A McKinney resident for just four years, Jaymie Pedigo has been tasked with furthering a heritage that dates back well over a century.
The Heritage Guild of Collin County board this spring named Pedigo as the new executive director of Chestnut Square Historic Village, a downtown destination that exemplifies the county’s foundation. Eleven buildings – including homes, a chapel, schoolhouse, inn and general store – offer visitors a walk-through glimpse of life from 1850 to 1940.
Pedigo had served as interim director following former Director Cindy Johnson’s resignation in January. Partway into her 90-day interim contract, the board signed on Pedigo full-time through the end of the year.
Wayne Hill, the Guild’s board chairman, said the board is confident “everything will continue to fit together” as Pedigo firms her grasp on Chestnut Square’s historic reins.
“She hit the ground running and had good rapport with staff immediately,” Hill said. “She’s done a great job during the transition.”
Chestnut Square is home to one of Texas’ top-rated farmers markets, according to the American Farmland Trust. The market runs every Saturday from spring through fall. The village’s other ongoing attractions: the Yesterday and Today Fashion Show, the Killis Melton Ice Cream Crank-Off, Prairie Adventure Camps, a ghost walk and the popular Holiday Tour of Homes.
Despite a change in leadership, the Guild’s mission remains. “Our goal is to maintain and make the best use of Chestnut Square so people from Collin County and surrounding areas have a better appreciation of the heritage,” Hill said.
However limited as a McKinney history buff – there’s a curator for that – Pedigo brings in 25 years of nonprofit management experience. In McKinney, she worked communications for nearby St. Peter’s Episcopal Church, and handled similar duties for Community Lifeline Center through 2013.
Before landing in North Texas, she held positions in the Houston area with the Humane Society, a school-business partnership program, the Houston Chamber of Commerce’s foundation division and the Houston Convention and Visitors Bureau.
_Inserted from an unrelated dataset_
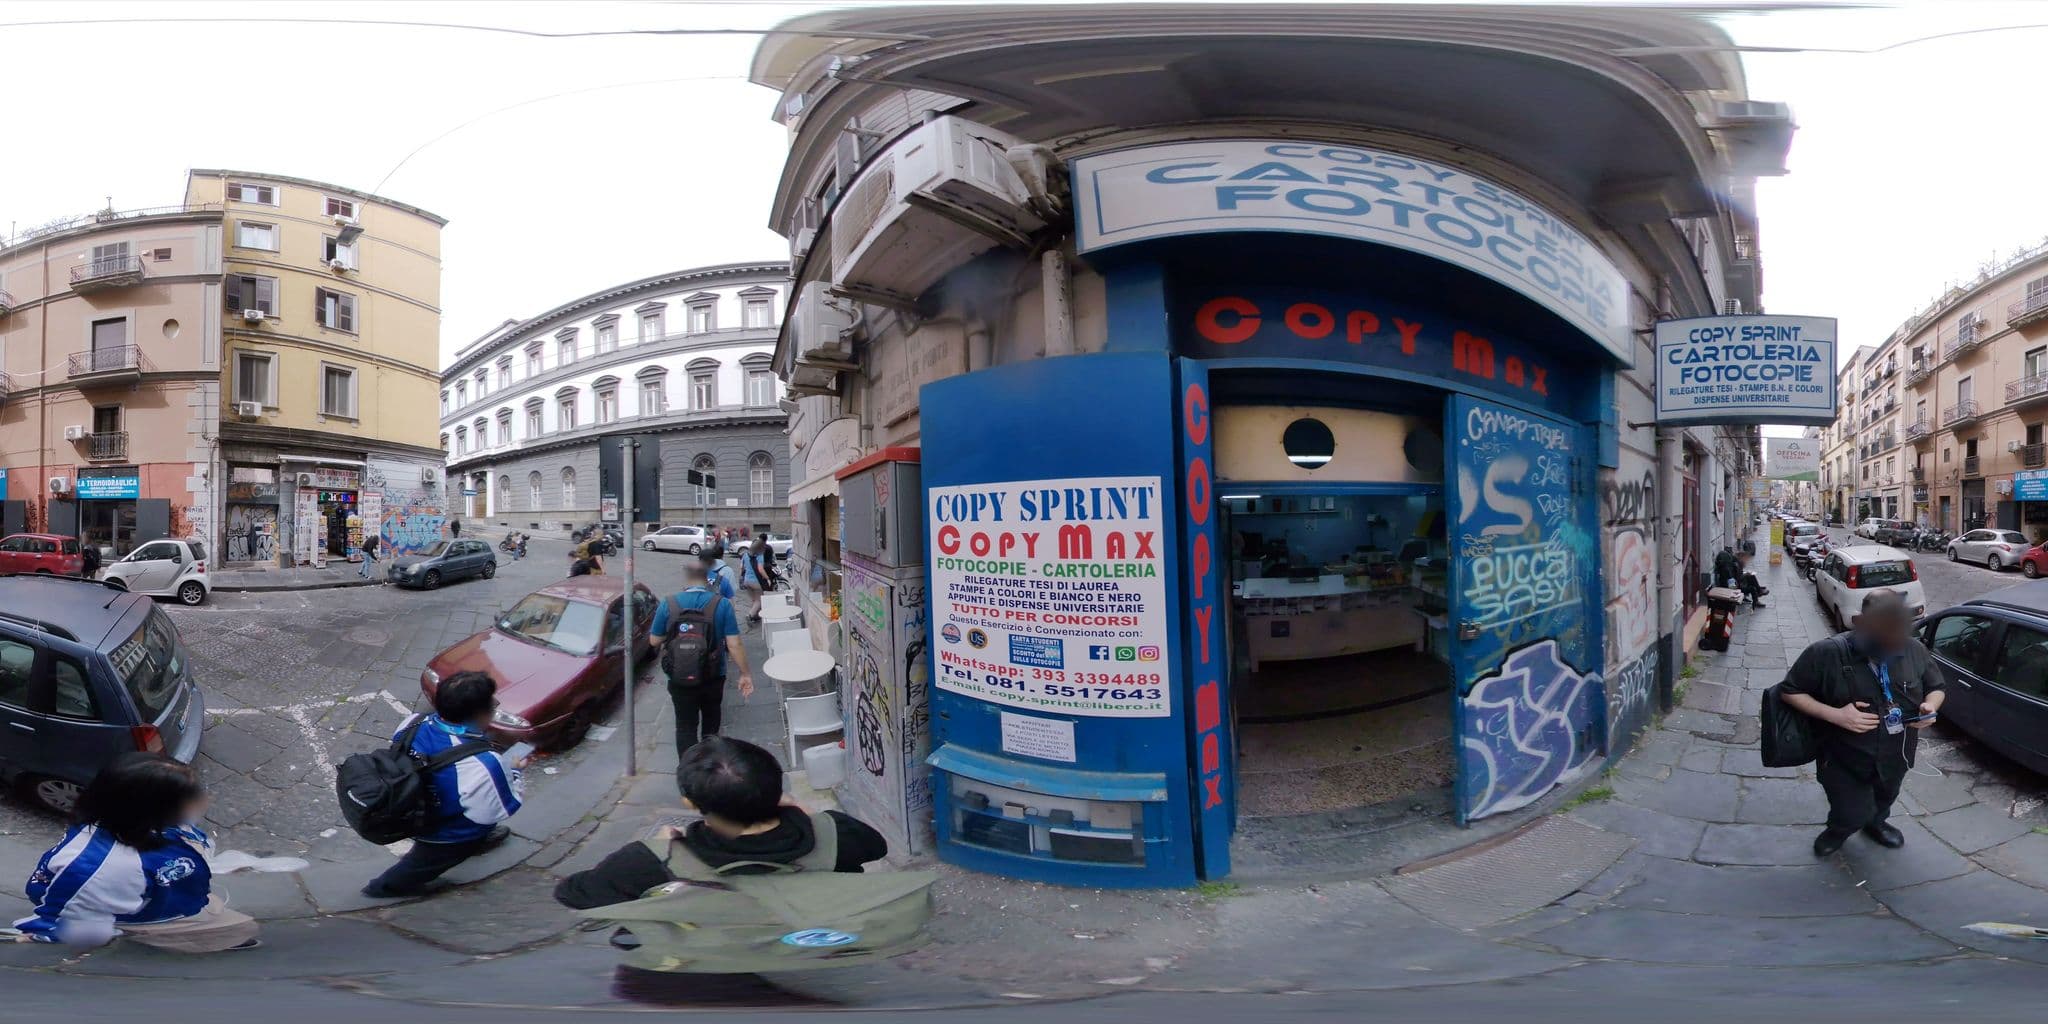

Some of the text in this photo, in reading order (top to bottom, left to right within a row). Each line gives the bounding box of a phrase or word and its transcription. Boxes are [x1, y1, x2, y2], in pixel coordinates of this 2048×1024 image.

“I would sit down with the president of Shell and ask for $250,000 – a whole different ballgame,” Pedigo said. “But it’s all about people skills and building relationships.”
Raising funds is paramount to any nonprofit, including Chestnut Square, which depends on grants and consistent contributions from the McKinney Community Development Corp. for building improvements and events. Memberships and donations provide additional money, and the farmers market, Holiday Tour and weddings account for most of its revenues.
Chestnut Square has booked “well over 100” weddings already this year, including a record second quarter in sales, Pedigo said. Weddings make up about one-third of the budget.
In her brief tenure, Pedigo has helped update the Chestnut Square website and gotten the Dulaney Inn back on track. Likely the village’s best-known building, the Dulaney House is being transformed into an inn, complete with a bridal suite, two other rooms and a commercial kitchen.
A required sprinkler system cost $50,000 and set the Inn back about six months. With remodeling and furnishing, the transformation will take about $120,000, Hill said. The Guild hopes to open it by September. Pedigo called the Inn “another boon to our revenue stream.”
“The driver in that is our wedding planning,” added Hill, who with his wife runs McKinney Bed and Breakfast. “Bridal parties are always asking for a place to stay.”
Pedigo aims to hone Chestnut Square’s sponsorship approach, evening out a sponsor’s event exposure. She also plans to garner private foundation grants, until now a scant resource.
Longer-term, likely two to three years, she hopes to make the village capable of hosting traveling historic exhibits.
Downtown-based Munzee, an industry leader in global scavenger hunts, recently enabled 24/7 tours at Chestnut Square. Necessary information is posted on every building, and the free Munzee app or any downloadable QR scanner links to audio narrating the buildings’ history.
No longer are tours just during business hours or by scheduled appointments. It’s a cost-efficient way of “making history relevant” and keeping up-to-date the method for delivering the village’s decades-old stories, Pedigo said.
“Not only is this option convenient, it provides an additional element of fun,” said Leisha Phipps, curator, in a statement. “Munzee gives Chestnut Square the ability to offer you an audio tour and historical scavenger hunt in one.”
Just off the downtown square, Chestnut Square is one of Collin County’s realest testaments to its legacy. Shortening that two-block separation, through innovation and awareness, is Pedigo’s principal task.
“What we have to offer is the historic charm,” she said. “I want to bring more people here.”